Frank C. Morris, Jr., Member of the Firm in the Litigation, Employee Benefits & Executive Compensation, and Employment, Labor & Workforce Management practices, in the firm’s Washington, DC, office, was quoted in the Bloomberg Law Daily Labor Report, in “Food Allergies as Workplace Disability Issue Primed to Expand,” by Robert Iafolla. (Read the full version – subscription required.)

Following is an excerpt:

While Americans with Disabilities Act lawsuits related to food allergies have been rare, a generational boom in those conditions creates the potential for growth in the frequency of workplace disputes that trigger litigation.

Food allergies impact tens of millions of Americans—including nearly 7% of working-age adults, according to the Centers for Disease Control and Prevention. Some conditions are so sensitive that just being around a particular food can trigger a reaction.

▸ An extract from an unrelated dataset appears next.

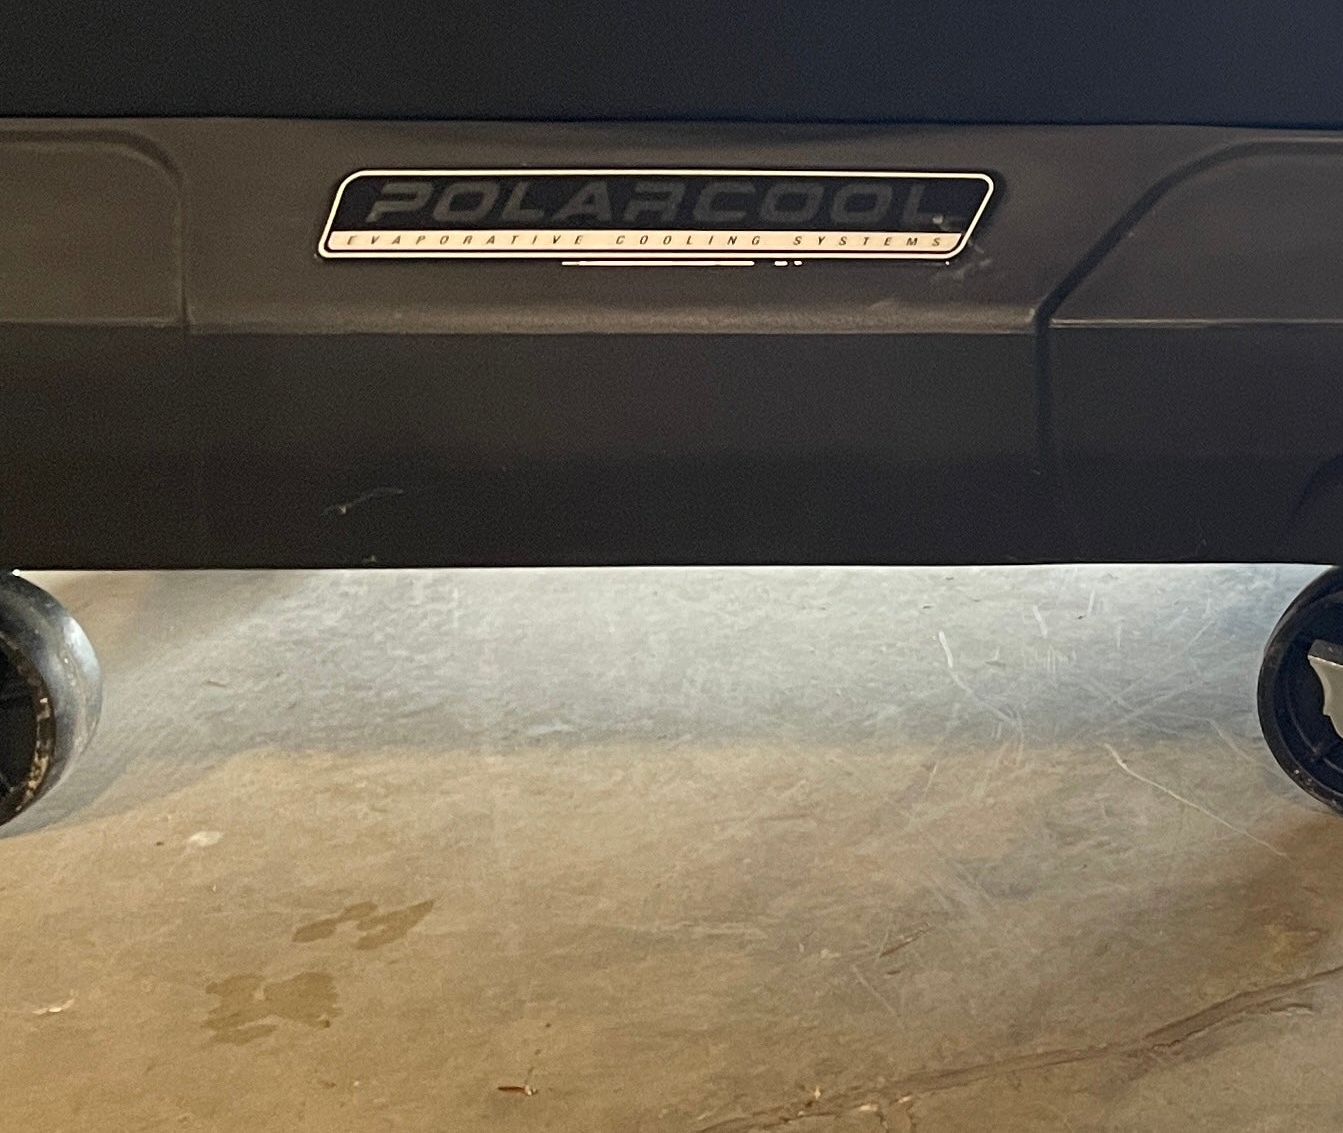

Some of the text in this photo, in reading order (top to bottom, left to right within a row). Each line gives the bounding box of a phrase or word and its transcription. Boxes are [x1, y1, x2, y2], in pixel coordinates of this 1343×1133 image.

The prevalence of food allergies among children jumped by 50% from 1997 to 2011, the CDC found. …

Employer Options …

When it comes to accommodations, the ADA puts the onus on workers to reach out to employers and inform them that they have disabilities that might require particular attention. The law also limits employers’ latitude to ask disability-related questions to when they’re job-related and consistent with a business necessity. …

Generally speaking, though, companies should refrain from asking workers whether they have disabilities, said Frank Morris, a management-side attorney at Epstein Becker & Green PC. If an employer makes those inquires and then later takes an adverse action against the worker, it could create an impression of a connection that makes it easier for the worker to make a disability bias claim, he said.